Population Media Center "Gives Her Allies" with Entertainment Media
South Burlington, VT (PRWEB) September 19, 2017 -- Population Media Center, a U.S. based non-profit producer of entertainment programming designed to advance human rights and environmental sustainability, is reaching out to supporters and volunteers concerned with global sustainability with the #GETREEL campaign.
From September 12th through October 24th, #GETREEL aims to raise $200,000 USD in unrestricted donations in support of Population Media Center (PMC). Donors can register their support through PMC’s secure on-line giving portal, through text messaging, or via check.

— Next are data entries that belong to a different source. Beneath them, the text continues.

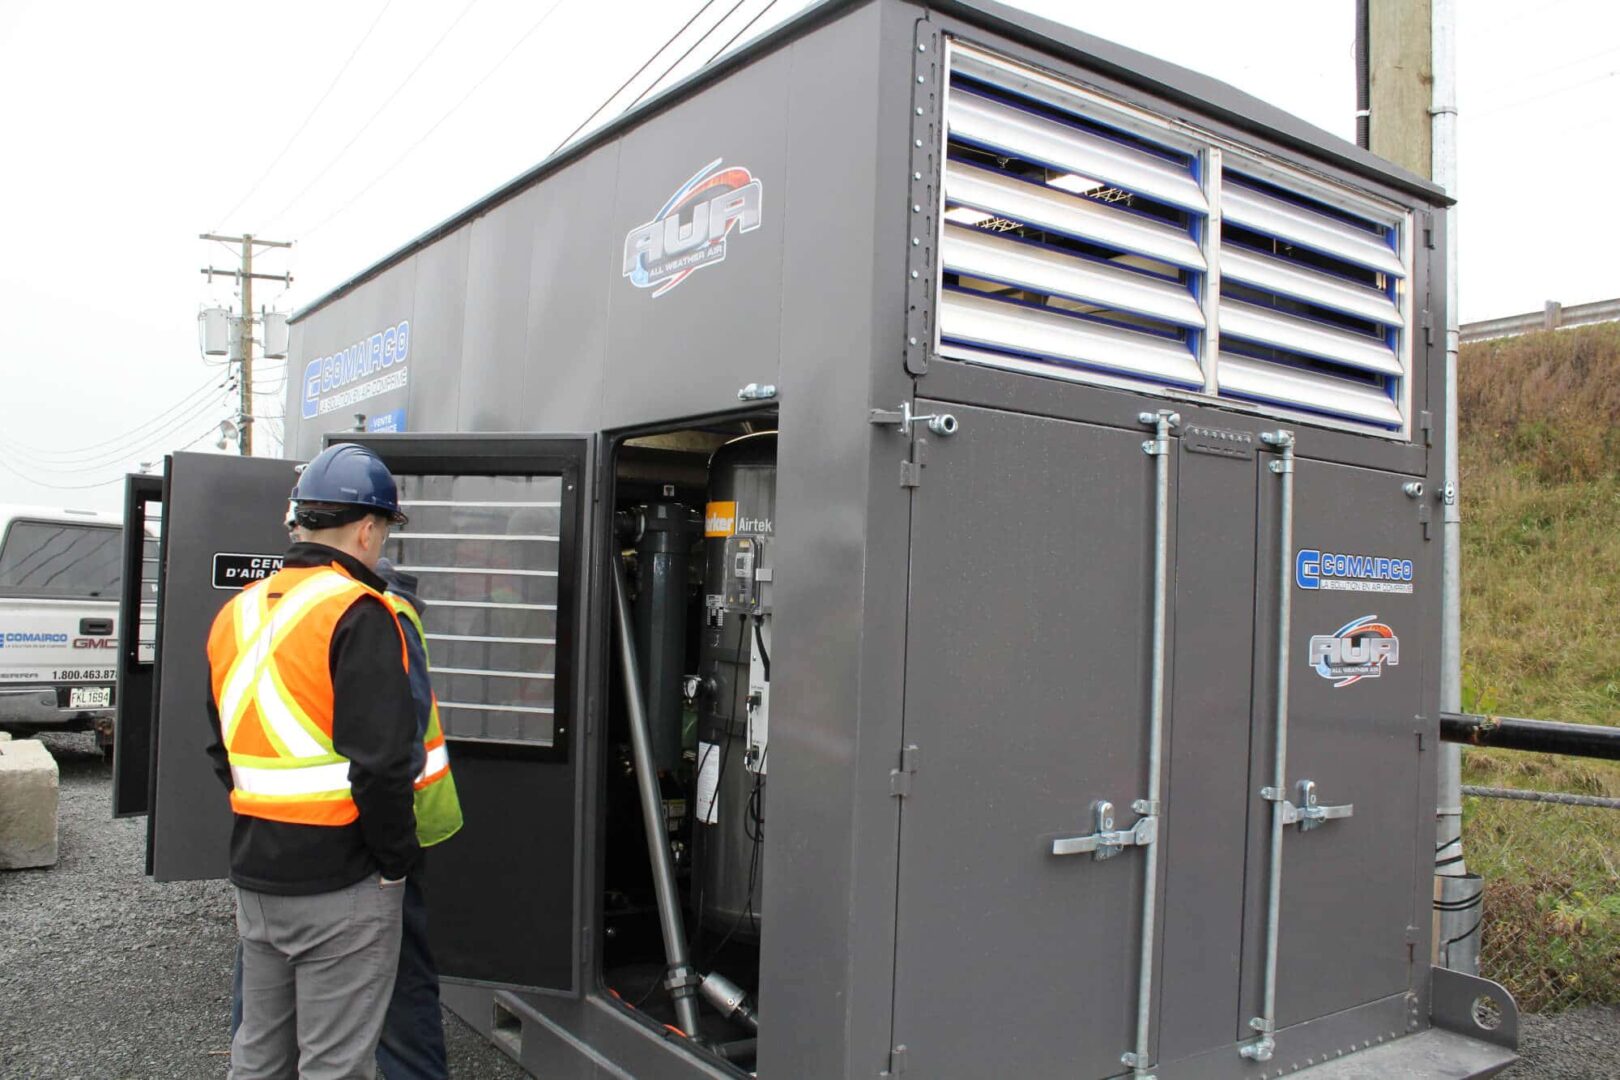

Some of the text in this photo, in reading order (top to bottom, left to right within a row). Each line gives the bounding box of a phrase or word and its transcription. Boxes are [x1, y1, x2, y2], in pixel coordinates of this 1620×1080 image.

[649, 245, 722, 275] ALL WEATHER AIR
[321, 320, 409, 393] COMAIRCO
[738, 516, 772, 533] Airtek
[250, 558, 284, 569] CEN
[1321, 553, 1413, 581] COMAIRCO
[226, 568, 265, 578] D'AIR
[6, 632, 68, 642] COMAIRCO
[72, 638, 119, 649] GMC
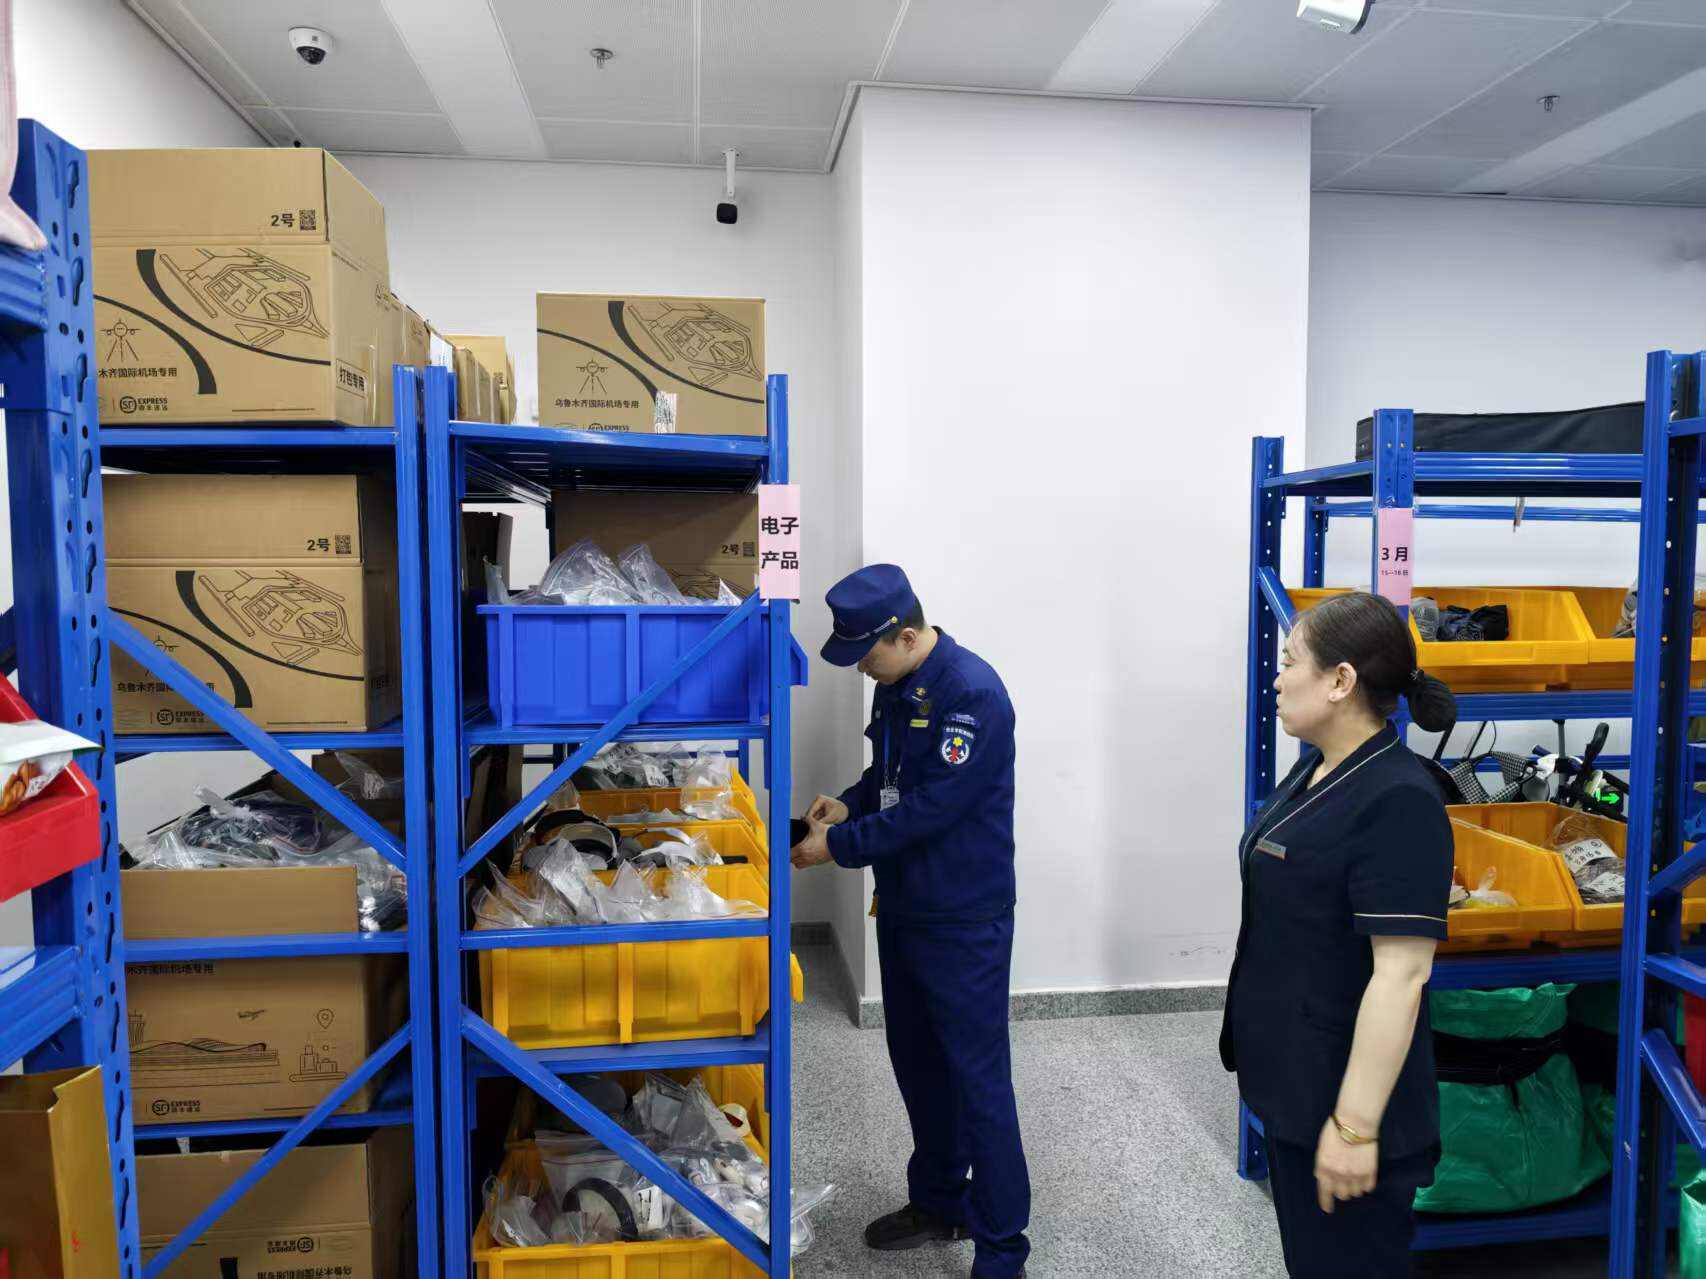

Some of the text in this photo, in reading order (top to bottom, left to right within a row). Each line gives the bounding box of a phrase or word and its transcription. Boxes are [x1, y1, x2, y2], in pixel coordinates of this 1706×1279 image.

[271, 213, 295, 227] 2号
[555, 398, 640, 409] 乌鲁木齐国际机场专用
[761, 516, 799, 535] 电子
[307, 538, 331, 551] 2号
[721, 543, 739, 556] 2号
[761, 551, 799, 570] 产品
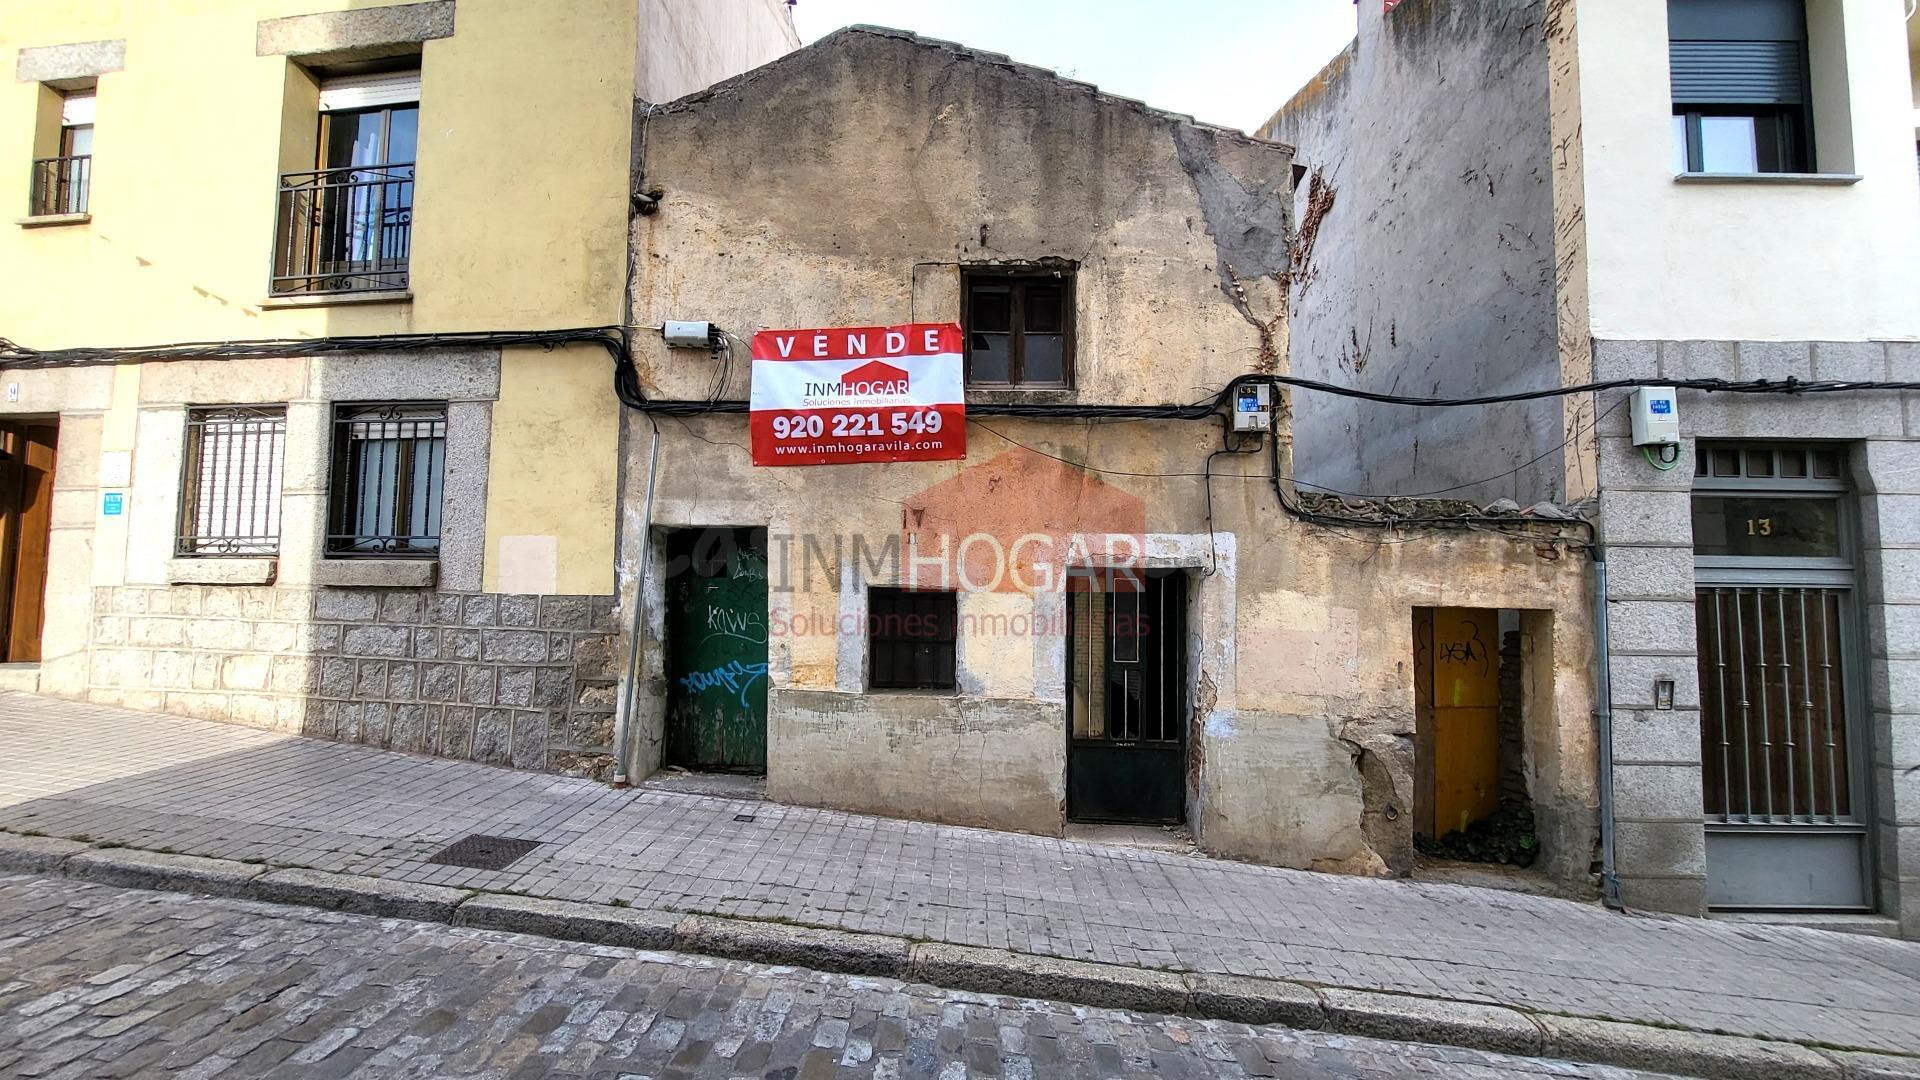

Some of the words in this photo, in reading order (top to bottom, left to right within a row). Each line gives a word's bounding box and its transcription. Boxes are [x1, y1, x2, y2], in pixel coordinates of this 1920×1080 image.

[776, 329, 940, 358] VENDE
[804, 380, 910, 397] INMHOGAR
[803, 398, 851, 407] Soluciones
[773, 416, 824, 439] 920
[831, 412, 885, 437] 221
[891, 411, 942, 435] 549
[775, 440, 943, 455] www.inmhogaravila.com
[1747, 517, 1772, 535] 13

PMC uses the power of entertainment and local story-tellers to advance sustainability, human-rights and environmental conservation around the world. Founded in 1998, PMC’s programs have impacted over 500 million people in 50 countries.
After week one of the campaign, themed “Help Her See It,” PMC had raised over $37,000 from 54 donors – representing 18% of the goal.
The theme for week two is “Give Her Allies.”
“They say no man (or woman) is an island,” says Joe Bish, PMC’s Director of Issue Advocacy. “That’s never truer than in the evolution of social norms: the largely invisible, unquestioned behavioral fabric of everyday life. Long-established and widely practiced, social norms include the daily habits, unwritten rules and normalized behaviors that everyone in the community accepts, and to a large degree, expects. If one person in a community has a new and better idea about how they might live their life, if it contradicts age-old social norms, they won’t get very far -- unless they have additional support.”
“Social norms can be good, bad or indifferent,” continued Mr. Bish. “In some places where PMC works, for example, it may be normal for a man to physically hit his wife for cooking dinner late. It may be fully expected that adolescent girls, much younger than 18, will be forced to marry much older men. It may be accepted that girls will only be educated, fed and cared for if there are resources left over after the boys have been taken care of. To short-circuit oppressive norms like this, a key accomplishment is creating awareness that change is both possible and desirable across a critical mass of society. “
PMC’s dramas offer irresistible, scintillating stories on radio, TV and internet in communities around the world – attracting audience members from across the spectrum of class, gender, education, and other cultural strata. These diverse community members now share an important common denominator: they have all been exposed to new ideas and possibilities. Some will be motivated to implement these new ideas in their real lives.
As audience members listen or watch the key characters navigate through difficult life-decisions over successive episodes, their emotional ties and identification with these entertaining characters sparks an emotive, psychological desire to adopt similar values and actions in their real life. Simultaneously, as they follow these character successfully navigating the challenge of repeated decision making and the resulting consequences, audiences gain vicarious experiences of self-efficacy on the process of implementing change.
When delivered to large audiences via broadcast media, these individual empowerment experiences are replicated across significant percentages of the entire community and catalyze previously latent capacities of that community to construct and implement broad social norm change on the issues at hand.
The door to social change has been cracked open, with newly minted agents of social change in all segments of society who are emotionally committed to pushing them wide open.
“These are the allies that women and girls need around the world,” concluded Mr. Bish. “This is the work of Population Media Center.”